Há um momento comum em muitas organizações em crescimento em que o marketing passa a ser visto como algo circunstancial. Já não é improvisado, mas também ainda não é assumido como função estratégica. Faz-se quando é preciso, ajusta-se quando há pressão e adia-se quando outras urgências tomam conta da agenda.
Este posicionamento cria uma ilusão de controlo. A empresa sente que comunica, sente que está presente, mas fá-lo de forma irregular e reativa. O mercado, porém, não lê intenções, apenas percebe consistência ou ausência.
Quando a comunicação acontece apenas em ciclos de necessidade, perde-se continuidade. As mensagens não se acumulam, não criam memória, não constroem perceção sólida. Cada ação começa quase do zero, exigindo mais esforço para gerar o mesmo impacto. Não por falta de competência, mas por falta de cadência.
À medida que a estrutura cresce, surgem outras prioridades legítimas: equipas, processos, operações, resultados. O problema não está nessas prioridades. Está na ideia silenciosa de que o marketing pode esperar. Pode não esperar. Porque não acompanha apenas o crescimento, prepara-o.

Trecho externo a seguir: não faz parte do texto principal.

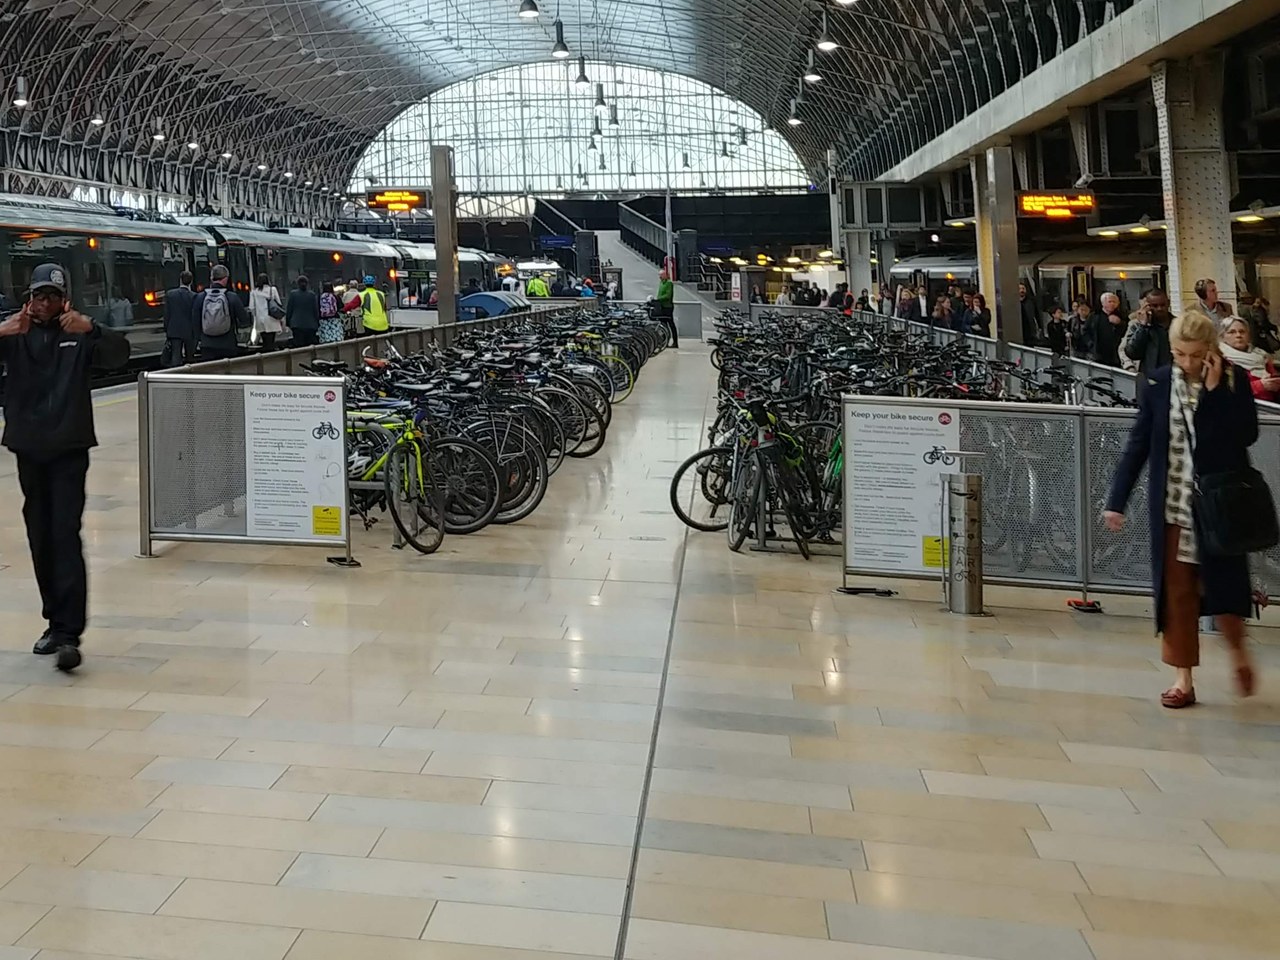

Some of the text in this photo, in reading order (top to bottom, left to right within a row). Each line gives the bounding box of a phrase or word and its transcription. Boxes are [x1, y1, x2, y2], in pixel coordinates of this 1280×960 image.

Marketing não é ruído nem visibilidade pontual. É um trabalho discreto e contínuo de alinhamento entre o que a empresa é, o que diz e o que o mercado reconhece. Quando esse alinhamento falha, surgem sinais subtis: vendas mais difíceis, decisões mais longas, maior pressão sobre o preço, menor diferenciação.
O seu investimento constante não é por isso sobre acelerar. É sobre estabilizar. Não é sobre aparecer mais. É sobre fazer sentido de forma contínua. Empresas que compreendem isto deixam de comunicar por urgência e passam a comunicar por clareza.
E essa diferença, embora pouco visível no curto prazo, torna-se decisiva com o tempo.